While I was listening to the tribe at night, they were talking about menopause. Womb in woman's body is the place of creativity. A life starts in womb, and it gets formed into another human being with the perfect protection by the womb, for the duration of 10 months. All are born out of women. No exceptions. While masculine energy is for intention and direction, femininity energy is for balance, prayer, nurturing and healing. After the operation, a woman lost the womb. And yet, body functions, as if the womb were still there. Feel the pain in the void where womb was supposed to be. Body remembers the energy of the womb. How reassuring it is! Someone will remember with so much emotion and care that I was there with full of the intrinsic energy born with me. What a deep relieve. WhiteStag talked about breathing. She feels she is a pipe and that is a meaning of her being on this earth. By inhale, she takes the energy from outside to cleanse inside the pipe, and through exhale she returns back what does not belong to her to the mother earth for her healing.

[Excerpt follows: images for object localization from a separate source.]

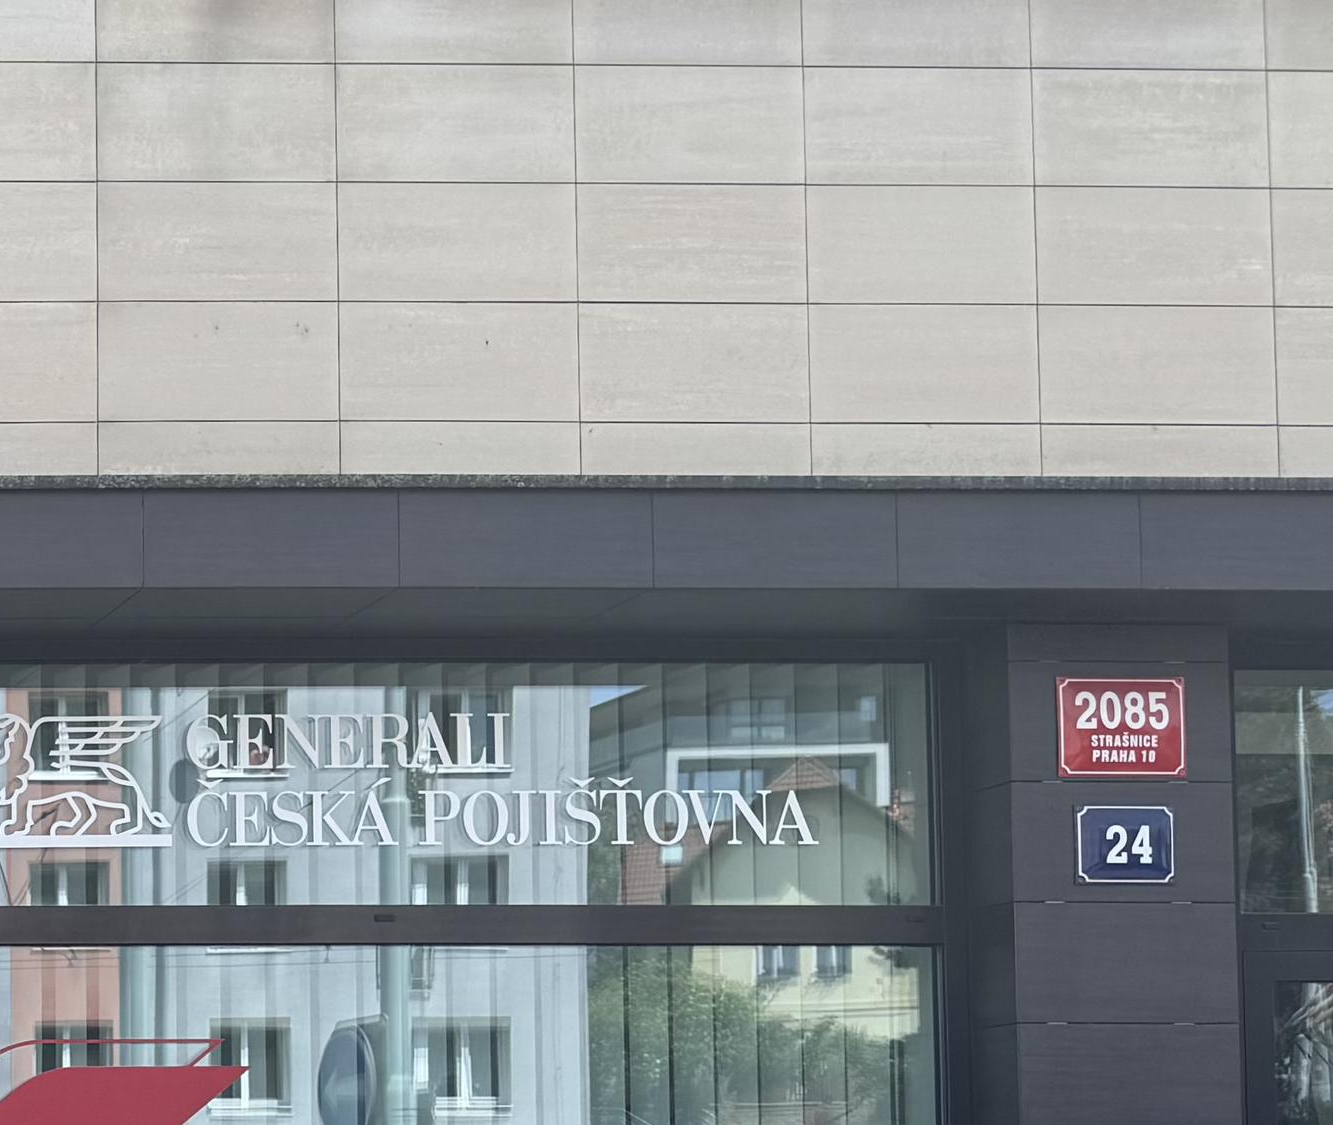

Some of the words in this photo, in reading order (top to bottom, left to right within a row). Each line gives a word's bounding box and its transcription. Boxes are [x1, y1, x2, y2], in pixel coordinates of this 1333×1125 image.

[1074, 691, 1170, 730] 2085
[186, 711, 512, 770] GENERALI
[1091, 732, 1159, 748] STRAŠNICE
[1092, 750, 1137, 763] PRAHA
[1141, 750, 1156, 763] 10
[186, 777, 399, 847] ČESKÁ
[418, 777, 820, 847] POJIŠŤOVNA
[1105, 825, 1153, 864] 24

She talked about living in alignment with the rhythm of the Earth. I used to feel that when I was living with Lg. Lamai community or apai dan indu dekat Kanowit (Sg. apa ya, nama kampung? dah terlupa....). Absolute energy and power of the nature, grandmother earth and grandfather sky, movement moon and star. In the current space where I am in, I have completely forgotten and lost the sense to tune myself into the rhythm of the Earth. I am obsessed as if I were omnipotent, humans were one and only dominant species, centre of attention, on this earth. That's the distortion. I miss feeling the energy of the mother earth, rhythm of the universe, with so much silence except the whisper from the sacred ancestors and spirits residing in the forest.

I still do not have words to express "this is the mix of essences to make one evocative leader", but yesterday's sacred experience with wise women is now whispering into my ears, "Tomomi, life is beautiful. Open your eyes and ears and go for exploration with all the energies surrounding us".